What can patients do to give input into clinical trial design? 

Business and profitability remain unquestionably important in the drug discovery community. However, the industry’s overarching goal of public health and the betterment of society have never been more apparent than in the aftermath of the pandemic and when observing the heights scientists reached through determination and collaboration in the fight against Covid-19. If anything, this period has been a reminder that people are the primary reason we do what we do, and the Patient Access, Healthcare & People track at Advanced Therapies Europe 2022 allowed DDW’s Multimedia Editor Megan Thomas to share several reflections on the topic.  

Chaired by Karin Blumer, Director of Global Patient Engagement at Novartis, the first event in this track, called ‘Patient Engagement: Driving Patient Advocacy to Inform Patient Centric Development’, looked into the multi-layered importance of involving patients in the drug development process, particularly in this case for gene therapy. Blumer said: “I think it’s a fascinating time to be talking about patient engagement. We are hopefully nearing the tail-end of a pandemic that made the whole world become participants in that deep learning experience of what clinical development is. I think never before did we have families sit on the couch and talk about Phase I, II and III clinical trials. Never before did we have families around the table asking, ‘Would I volunteer to be in a trial?’ Never before was the whole world a potential patient. I firmly believe that this will change the ecosystem of engaging patients both in the industry but also publicly and regulatorily. The times when patients were silent bystanders to the development are over.” 

Blumer asked: “What can patients do for other patients once they are empowered and know how to really give input into clinical trial design?” By way of answer, each case study presented in this session, from biologics to advanced therapy products, re-affirmed the importance of co-creating with patients across the life science cycle.
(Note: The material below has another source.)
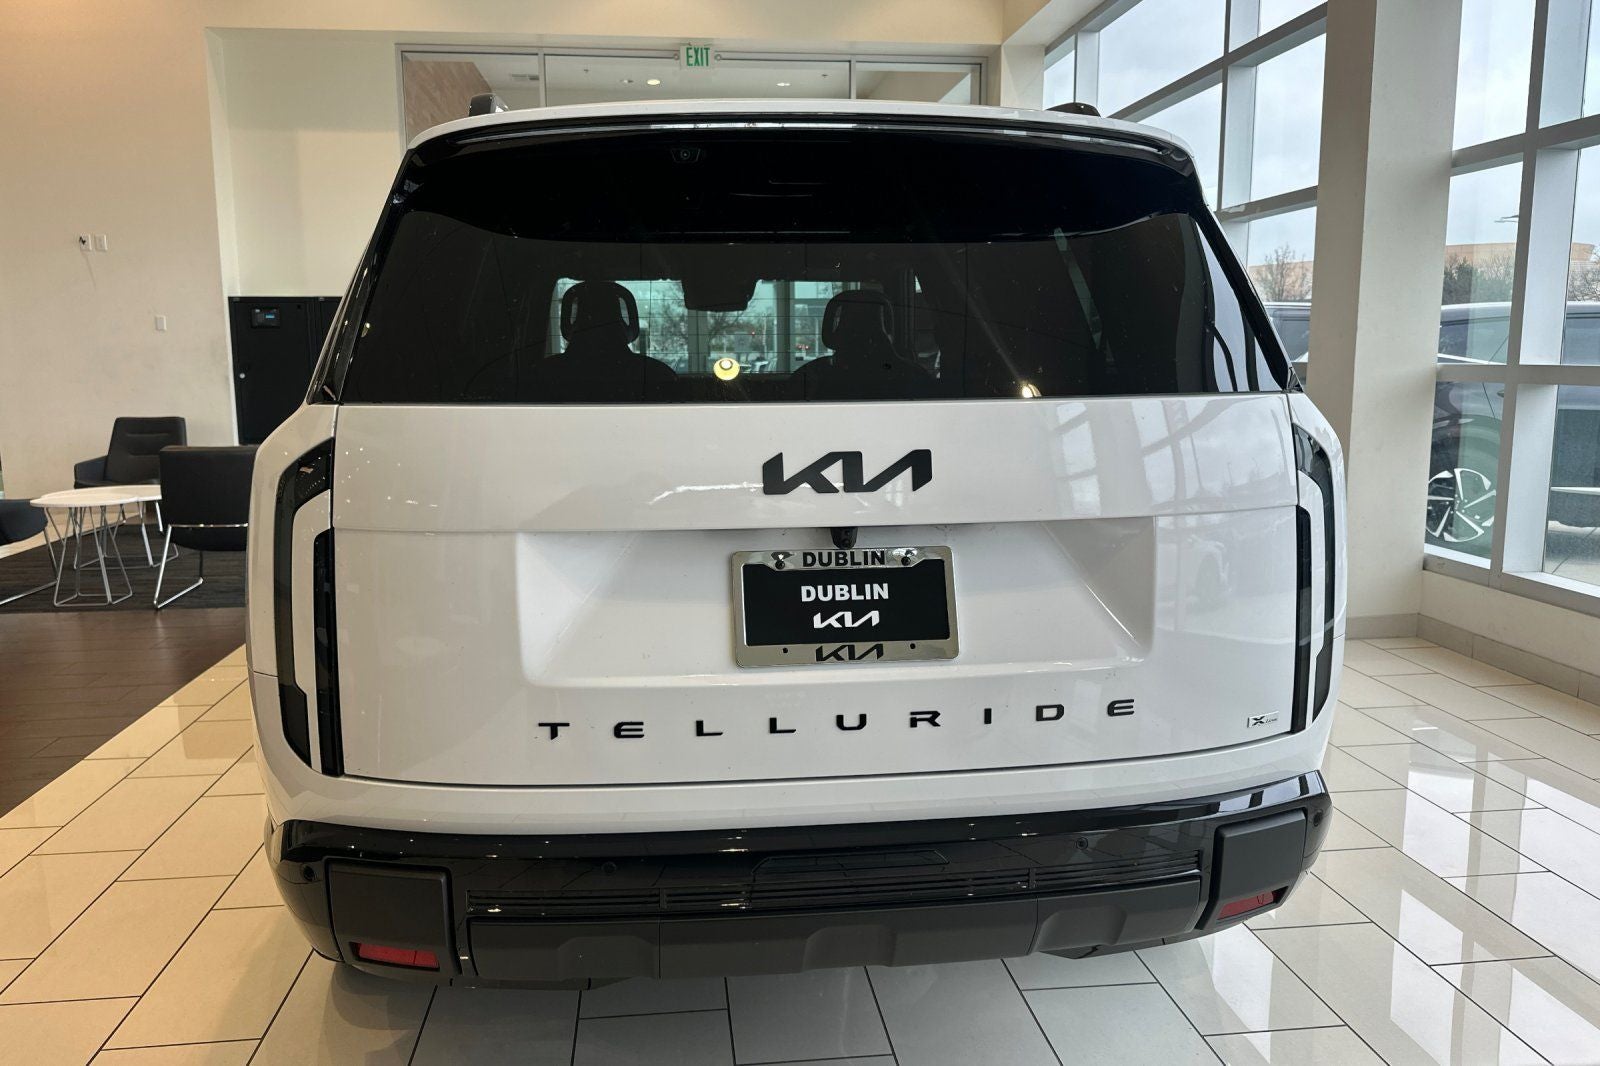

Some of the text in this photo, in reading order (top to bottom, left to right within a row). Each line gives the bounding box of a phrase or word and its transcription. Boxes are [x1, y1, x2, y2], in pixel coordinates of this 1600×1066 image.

[686, 47, 710, 67] EXIT
[802, 551, 885, 567] DUBLIN
[801, 583, 889, 602] DUBLIN
[538, 698, 1135, 740] TELLURIDE
Katherine Donigan, the Senior Director of Science & Regulatory at Biotechnology Innovation Organisation (BIO), spoke of the strategic approach to international harmonisation of gene therapy products.  

Donigan explained how cell and gene therapies are often indicative for rare or ultra-rare and serious conditions, that it is estimated that between 300 and 400 million people worldwide live with a rare condition, and yet the patient populations for these rare conditions are often very small. As a result, it is critical to achieve adequate enrolment that sufficiently power your trials. 

Anna Dickinson, the Life Sciences Policy Manager for Public Policy Projects (PPP), re-iterated the value of involving and engaging patients. PPP are an independent policy think-tank, offering practical policy analysis as well as government process analysis and development across a range of industries, including health care. Dickinson explained that it is essential for all voices to be heard in order to influence R&D processes and regulations.  

Simon Chandler, CEO of Rinri Therapeutics, made a case for the value of early patient engagement to build credibility and support for the clinical development of a first-in-class cell therapy for hearing loss. Chandler contextualises why the development of this therapy cannot progress without early patient engagement: “We are the only cell therapy that has ever been developed for hearing loss. There is no precedent, no reference points for a proof-of-concept for a cell-based therapy in hearing loss, and we don’t really understand what the patient appetite for ATMPs is.” 

Before the speakers joined on stage for a panel discussion and Q&A session, Blumer presented a case study on patient engagement and CAR-T, making the analogy of building a plane whilst flying it. To move forward in this industry and continue to develop life-changing therapeutics and healthcare solutions, the patient cannot be separated from the science. When the end-goal is people-centric, why would this not be the case for the development process?